But I'm sure that approach has more disadvantages compared to the textfield -
Root797674yI’d also use a many:many relation.
Space is cheap, especially for a table with three int columns! 😂
Depending on implementation that’s 12 bytes (plus db overhead) per row/widget. Fair, the join would take a few more ms, but that’s really just moving the load from your app (string splitting) to the database, which is probably faster anyway. -
@IntrusionCM I was trying to not be too judgemental or without context for once
If I had to review it tho, I'd have killed the guy and forced the many-to-many approach -
It's an denormalization...
And one of the most dangerous.
Storing multiple references in one field in a referential database leads to all kinds of fuckity - since now the handling of uniqueness, data integrity and so in lies on the application side.

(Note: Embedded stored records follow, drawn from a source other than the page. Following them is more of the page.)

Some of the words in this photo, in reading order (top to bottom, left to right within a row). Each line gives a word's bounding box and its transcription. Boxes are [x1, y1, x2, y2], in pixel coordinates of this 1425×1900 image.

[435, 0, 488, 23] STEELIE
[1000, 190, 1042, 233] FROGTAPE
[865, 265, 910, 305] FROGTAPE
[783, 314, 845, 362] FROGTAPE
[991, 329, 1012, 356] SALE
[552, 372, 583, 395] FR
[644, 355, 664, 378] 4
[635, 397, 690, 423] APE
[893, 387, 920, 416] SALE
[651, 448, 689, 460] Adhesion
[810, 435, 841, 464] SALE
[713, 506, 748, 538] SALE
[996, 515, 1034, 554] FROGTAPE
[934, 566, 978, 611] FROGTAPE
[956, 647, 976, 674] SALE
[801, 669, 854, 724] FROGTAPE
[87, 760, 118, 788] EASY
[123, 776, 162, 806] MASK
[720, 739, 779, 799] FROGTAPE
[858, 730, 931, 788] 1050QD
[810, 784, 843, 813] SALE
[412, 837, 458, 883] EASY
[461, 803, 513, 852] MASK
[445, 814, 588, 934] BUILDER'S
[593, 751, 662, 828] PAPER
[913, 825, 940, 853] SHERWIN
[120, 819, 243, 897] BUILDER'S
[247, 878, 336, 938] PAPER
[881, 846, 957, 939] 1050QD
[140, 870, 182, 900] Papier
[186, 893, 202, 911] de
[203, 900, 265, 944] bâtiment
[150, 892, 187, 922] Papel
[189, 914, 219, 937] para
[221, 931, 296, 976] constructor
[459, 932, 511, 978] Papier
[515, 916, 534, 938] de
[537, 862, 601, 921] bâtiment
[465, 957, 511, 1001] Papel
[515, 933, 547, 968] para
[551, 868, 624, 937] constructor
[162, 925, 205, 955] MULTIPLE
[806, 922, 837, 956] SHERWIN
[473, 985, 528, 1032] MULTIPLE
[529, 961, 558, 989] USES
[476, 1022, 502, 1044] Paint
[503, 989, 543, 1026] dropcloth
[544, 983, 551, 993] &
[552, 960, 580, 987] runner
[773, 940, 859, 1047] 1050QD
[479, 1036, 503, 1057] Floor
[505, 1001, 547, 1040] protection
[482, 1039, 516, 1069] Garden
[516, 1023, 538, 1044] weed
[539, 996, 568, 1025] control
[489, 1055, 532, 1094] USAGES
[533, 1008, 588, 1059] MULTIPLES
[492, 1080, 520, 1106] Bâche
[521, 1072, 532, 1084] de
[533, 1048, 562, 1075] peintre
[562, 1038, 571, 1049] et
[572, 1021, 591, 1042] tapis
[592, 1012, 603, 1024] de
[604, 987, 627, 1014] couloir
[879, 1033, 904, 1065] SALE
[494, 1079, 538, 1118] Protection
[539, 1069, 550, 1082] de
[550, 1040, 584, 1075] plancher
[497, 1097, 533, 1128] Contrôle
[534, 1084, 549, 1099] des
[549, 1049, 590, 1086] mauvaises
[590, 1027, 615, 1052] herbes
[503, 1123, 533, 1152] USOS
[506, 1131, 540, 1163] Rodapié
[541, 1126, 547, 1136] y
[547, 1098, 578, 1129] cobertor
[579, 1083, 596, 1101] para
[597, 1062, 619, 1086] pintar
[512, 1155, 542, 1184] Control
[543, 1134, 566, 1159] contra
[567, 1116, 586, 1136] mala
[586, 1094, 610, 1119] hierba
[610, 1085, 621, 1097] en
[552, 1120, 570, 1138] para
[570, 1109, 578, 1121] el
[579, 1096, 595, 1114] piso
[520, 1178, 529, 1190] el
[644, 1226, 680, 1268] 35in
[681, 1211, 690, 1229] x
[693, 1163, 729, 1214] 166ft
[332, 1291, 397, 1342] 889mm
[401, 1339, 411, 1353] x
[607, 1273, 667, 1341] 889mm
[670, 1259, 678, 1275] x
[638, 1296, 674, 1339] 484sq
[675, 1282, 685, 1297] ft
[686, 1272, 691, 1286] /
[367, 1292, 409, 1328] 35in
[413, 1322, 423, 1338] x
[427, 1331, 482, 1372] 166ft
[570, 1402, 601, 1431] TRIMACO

I've had to migrate similar problems and it usually ended with writing a parsing program...
In the worst case, I had to play whack a mole and generate an XLS which some very unlucky coworkers had to double check manually - since the reference in the varchar was sometimes cut off, sometimes duplicated, sometimes pointing to null....
Fun. Not. -
To be clear the widget names are the primary key / ID of something else in the DB.
I was being very vague as the story wasn't intending to go through the whole process here ;)
I call them widget names because that is the end result for the user... -
Root797674yCome on, everyone! Let’s not all roast him over something he admitted was bad! That’s just mean.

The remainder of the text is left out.